What needs to be done =
Pictures in the records are to be excluded from an otherwise exact copy.

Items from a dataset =
----------------
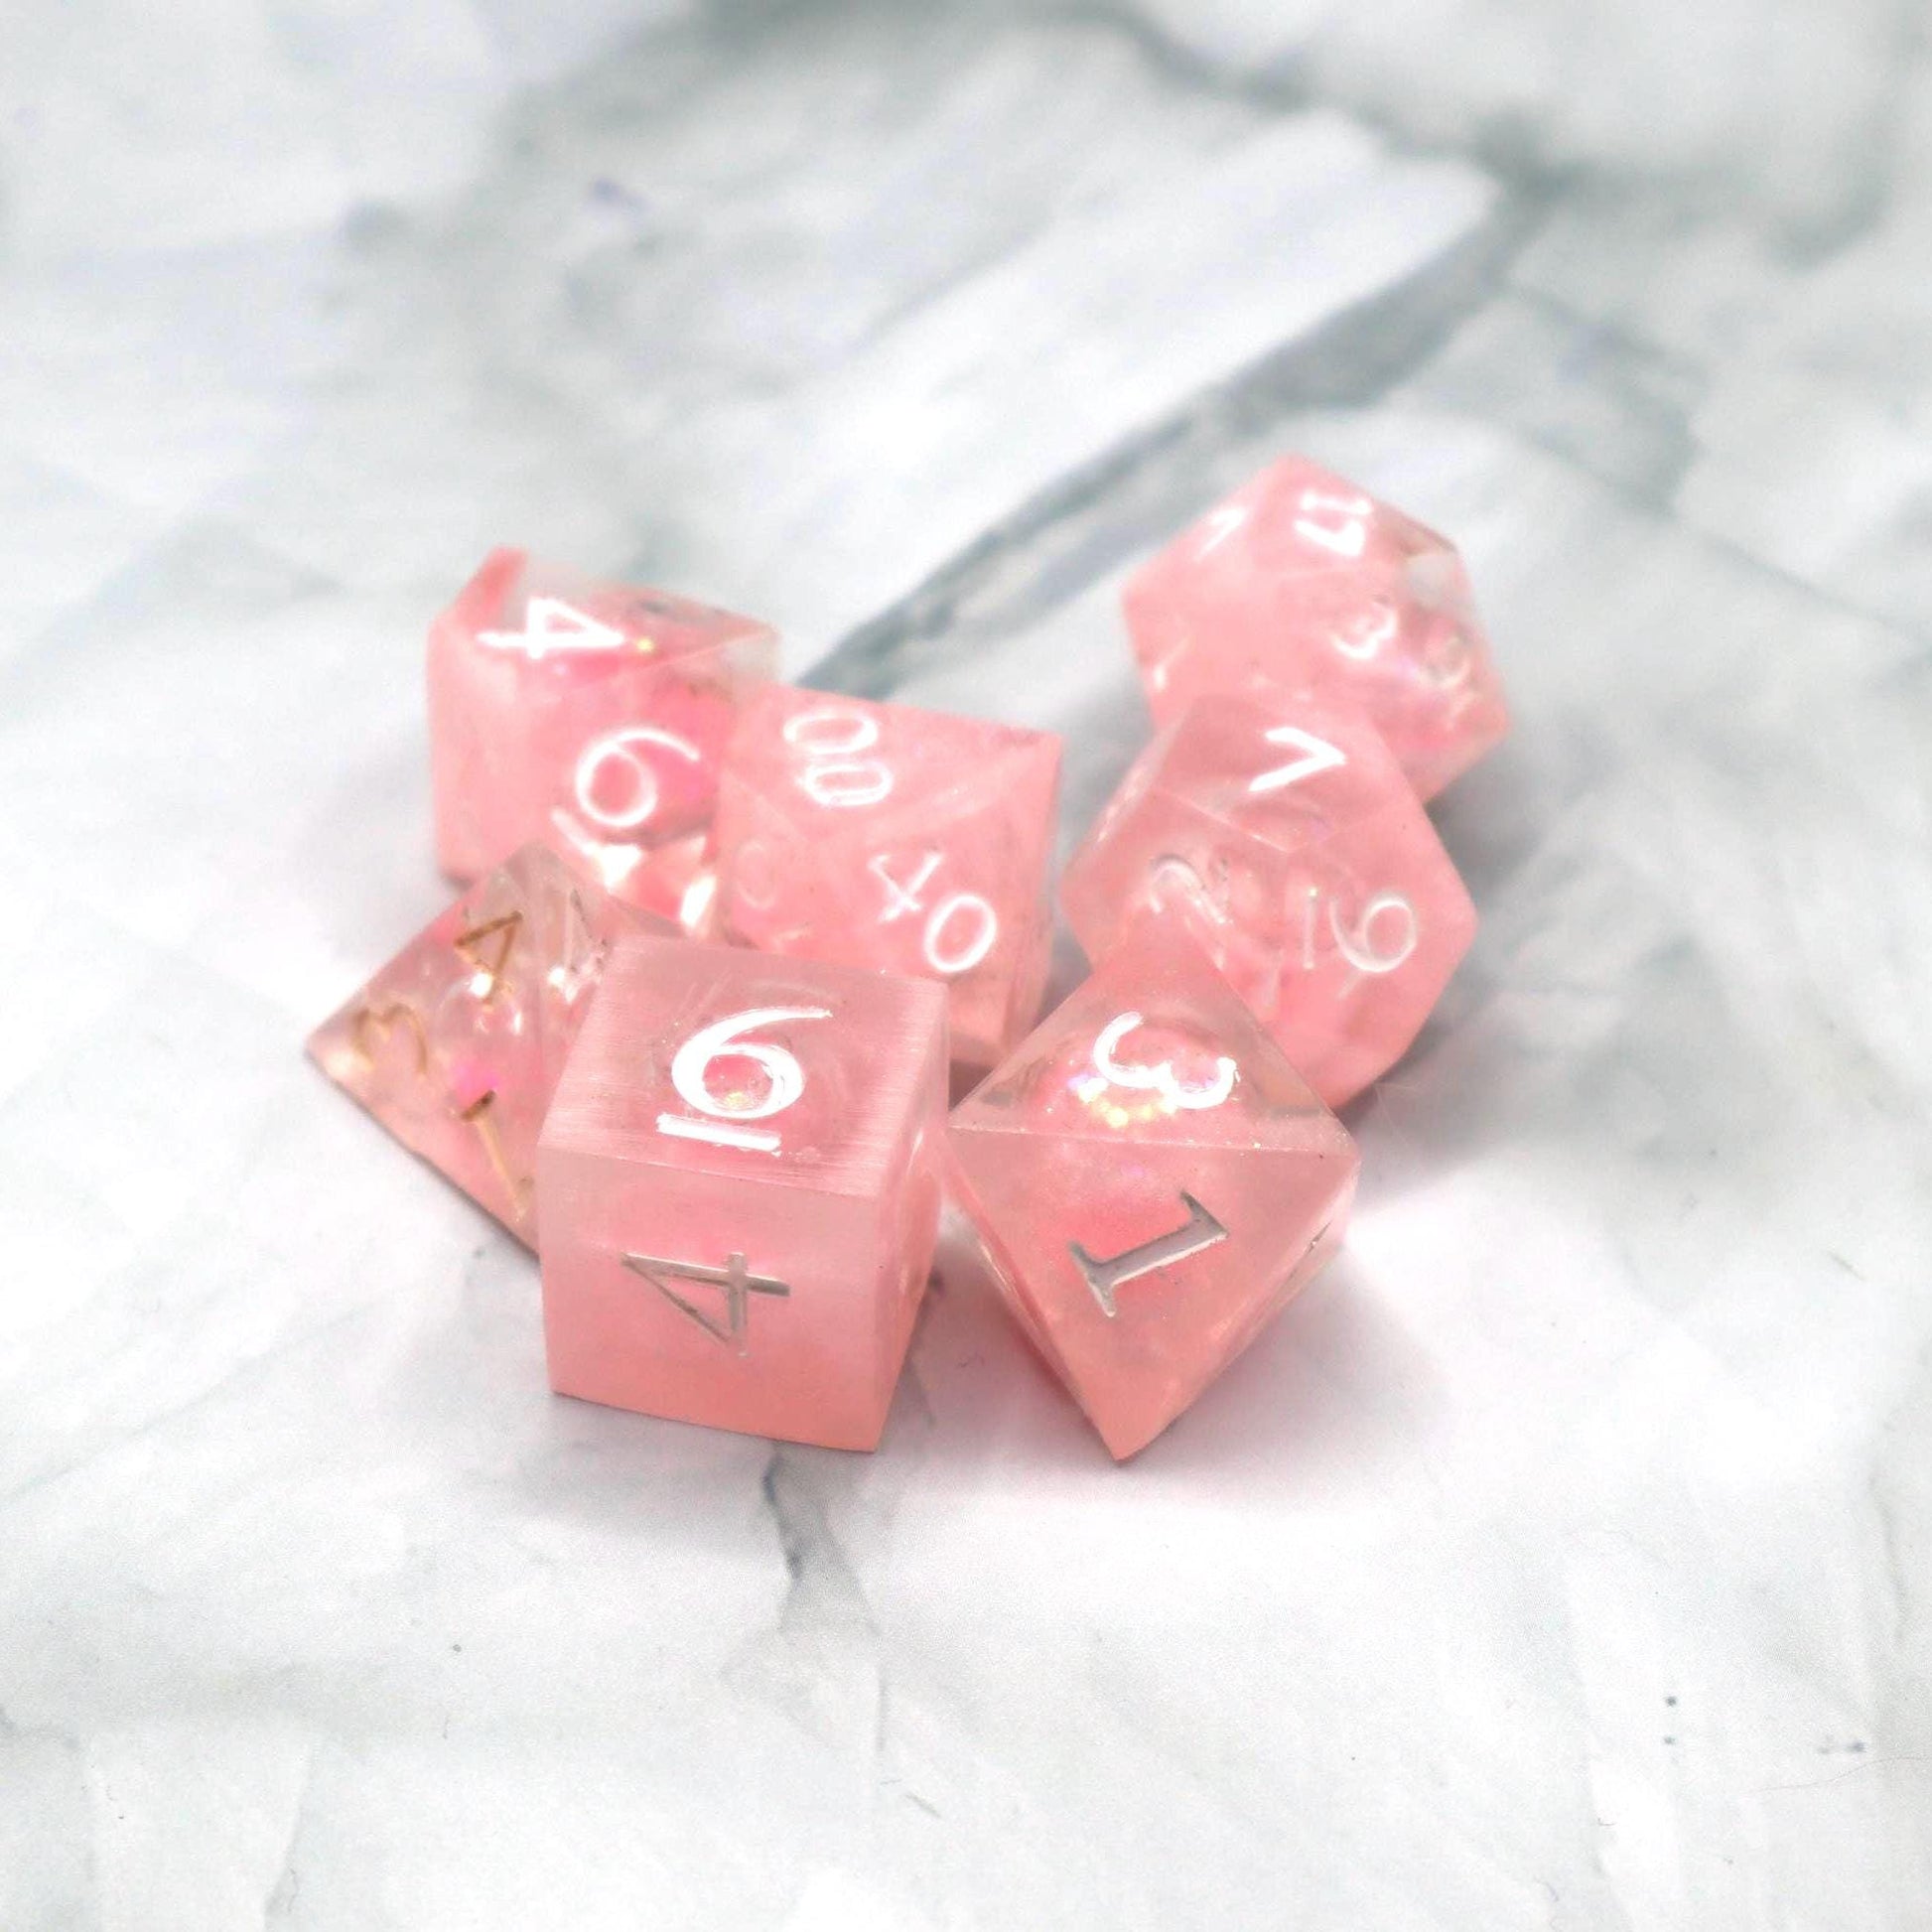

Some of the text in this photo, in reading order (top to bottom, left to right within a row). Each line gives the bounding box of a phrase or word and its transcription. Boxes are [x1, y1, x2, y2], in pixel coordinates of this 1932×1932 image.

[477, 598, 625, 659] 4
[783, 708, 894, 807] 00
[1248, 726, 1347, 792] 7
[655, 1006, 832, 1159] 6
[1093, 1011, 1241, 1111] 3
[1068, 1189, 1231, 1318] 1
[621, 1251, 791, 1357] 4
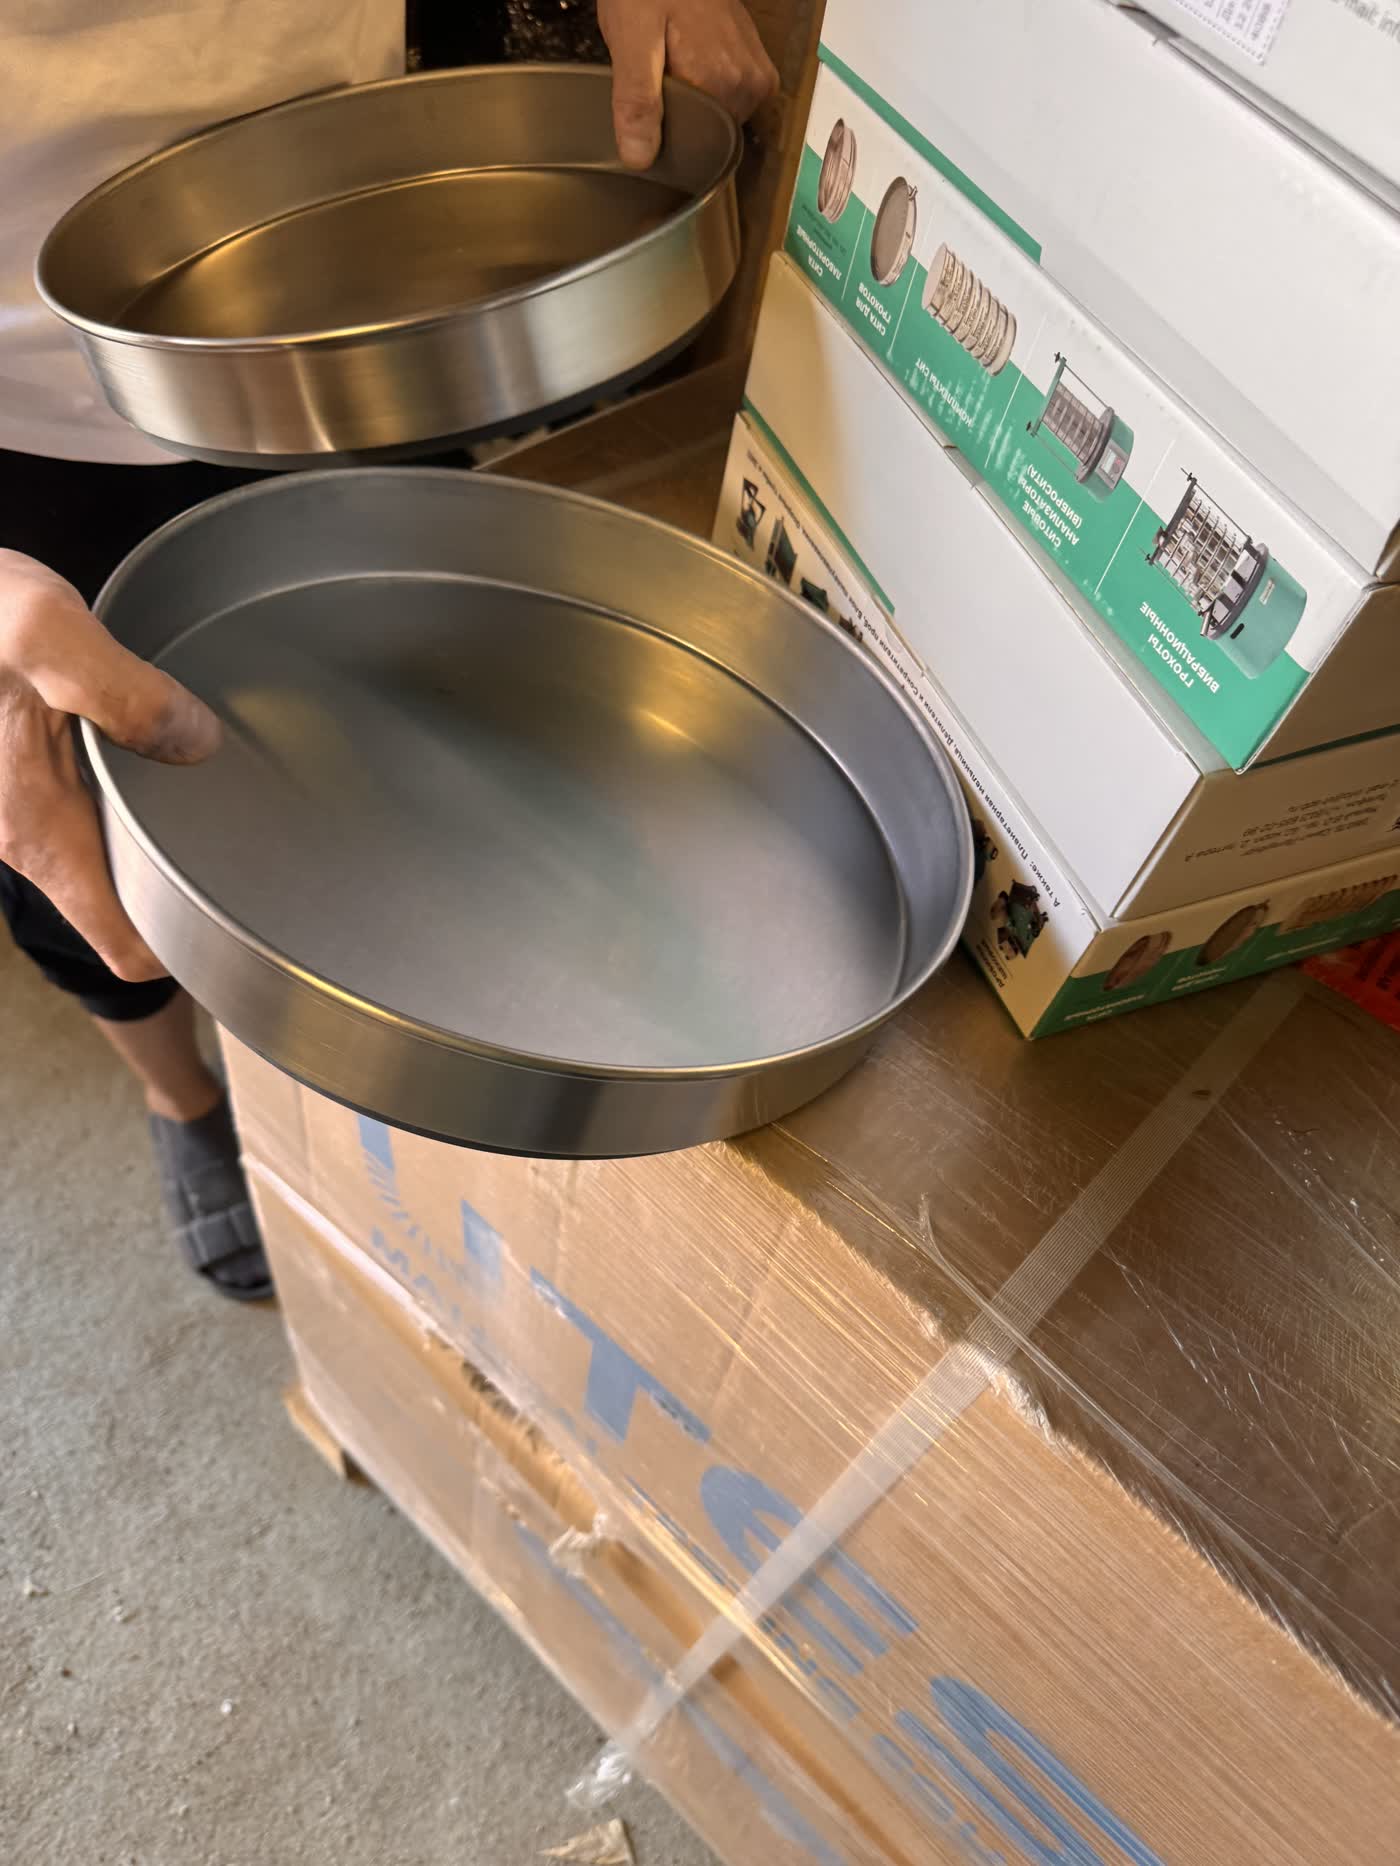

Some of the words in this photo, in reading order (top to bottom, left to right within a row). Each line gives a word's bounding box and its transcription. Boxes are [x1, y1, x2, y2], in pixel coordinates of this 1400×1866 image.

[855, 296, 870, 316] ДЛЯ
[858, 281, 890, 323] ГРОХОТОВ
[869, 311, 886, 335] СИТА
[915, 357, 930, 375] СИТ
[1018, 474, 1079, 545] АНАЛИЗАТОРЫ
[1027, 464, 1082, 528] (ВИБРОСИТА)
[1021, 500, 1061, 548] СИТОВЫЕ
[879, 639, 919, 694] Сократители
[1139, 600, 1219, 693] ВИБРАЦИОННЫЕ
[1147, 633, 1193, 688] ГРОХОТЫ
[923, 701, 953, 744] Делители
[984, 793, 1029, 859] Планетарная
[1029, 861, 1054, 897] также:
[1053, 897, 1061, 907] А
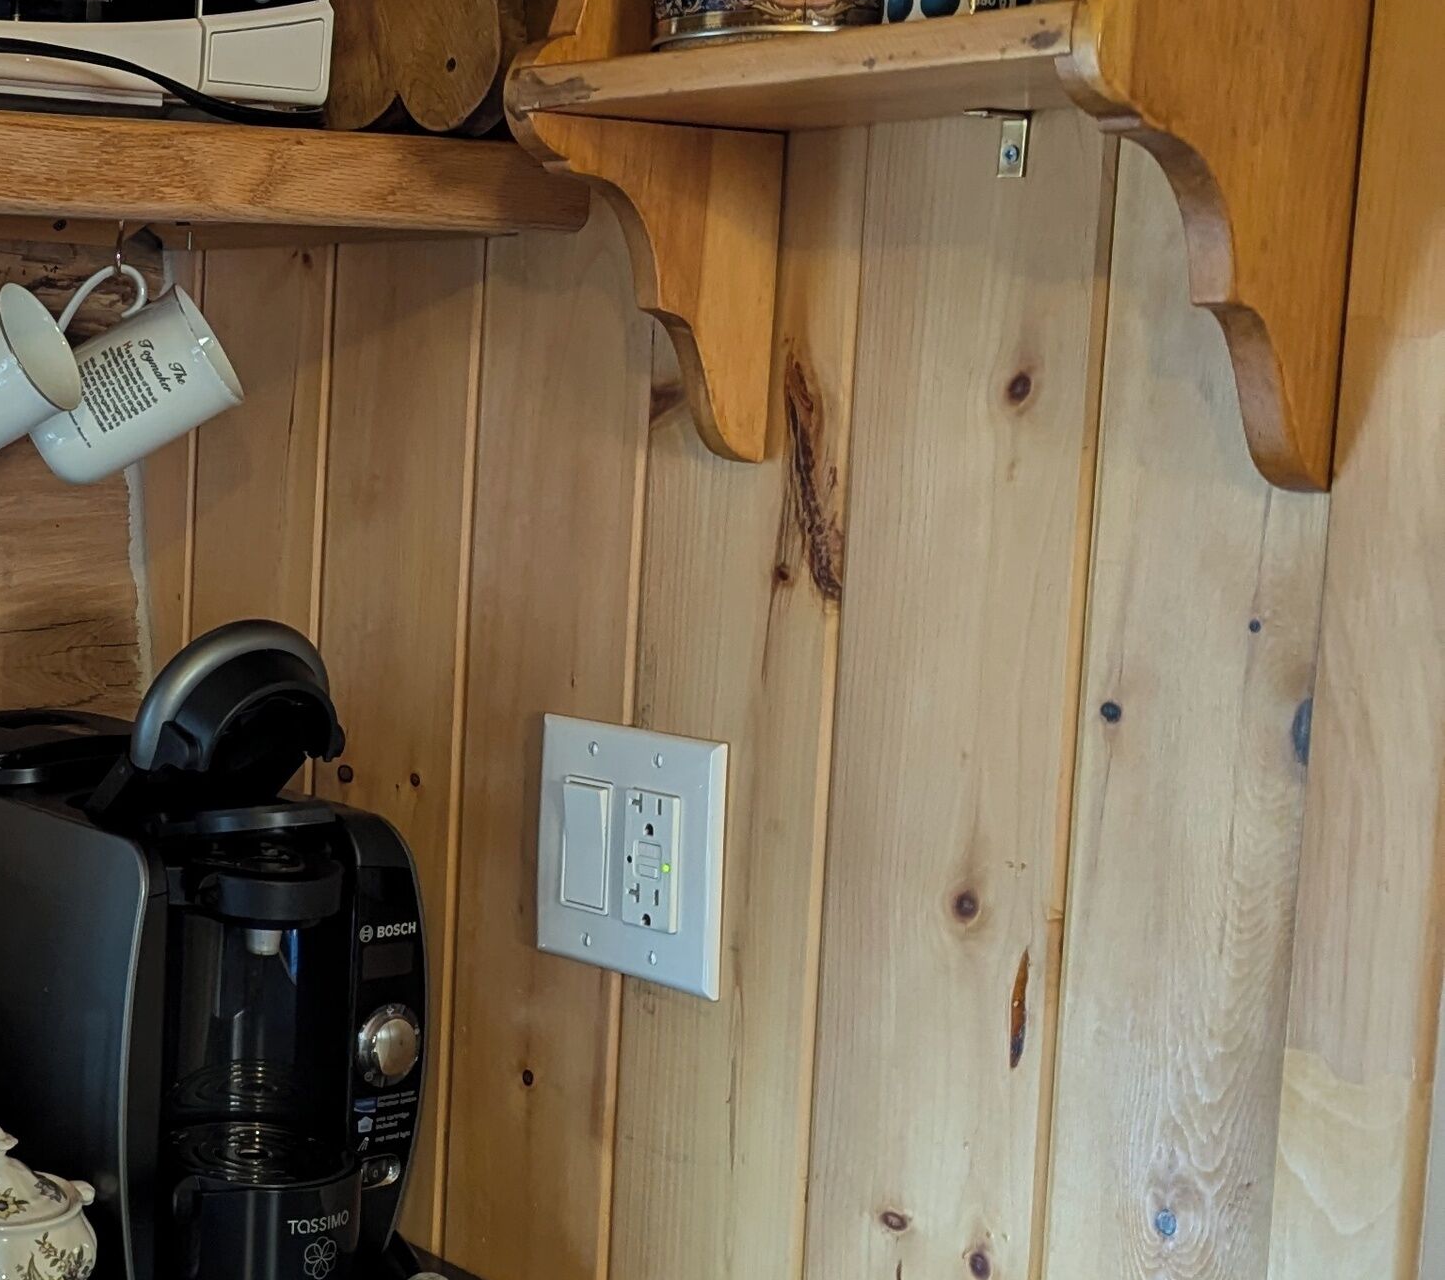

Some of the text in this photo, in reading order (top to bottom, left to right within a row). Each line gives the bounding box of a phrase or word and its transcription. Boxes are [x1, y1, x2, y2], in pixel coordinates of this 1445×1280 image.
----------------
Response below =
Some of the text in this photo, in reading order (top to bottom, left to right within a row). Each line gives the bounding box of a phrase or word and its transcription. Boxes are [x1, y1, x2, y2], in pixel coordinates of this 1932×1932 image.

[477, 598, 625, 659] 4
[783, 708, 894, 807] 00
[1248, 726, 1347, 792] 7
[655, 1006, 832, 1159] 6
[1093, 1011, 1241, 1111] 3
[1068, 1189, 1231, 1318] 1
[621, 1251, 791, 1357] 4

Some of the words in this photo, in reading order (top to bottom, left to right within a row). Each line gives a word's bounding box and its transcription. Boxes are [x1, y1, x2, y2], in pixel coordinates of this 1400×1866 image.

[855, 296, 870, 316] ДЛЯ
[858, 281, 890, 323] ГРОХОТОВ
[869, 311, 886, 335] СИТА
[915, 357, 930, 375] СИТ
[1018, 474, 1079, 545] АНАЛИЗАТОРЫ
[1027, 464, 1082, 528] (ВИБРОСИТА)
[1021, 500, 1061, 548] СИТОВЫЕ
[879, 639, 919, 694] Сократители
[1139, 600, 1219, 693] ВИБРАЦИОННЫЕ
[1147, 633, 1193, 688] ГРОХОТЫ
[923, 701, 953, 744] Делители
[984, 793, 1029, 859] Планетарная
[1029, 861, 1054, 897] также:
[1053, 897, 1061, 907] А

Some of the text in this photo, in reading order (top to bottom, left to right within a row). Each line gives the bounding box of a phrase or word and its transcription. Boxes are [x1, y1, x2, y2], in pixel coordinates of this 1445×1280 image.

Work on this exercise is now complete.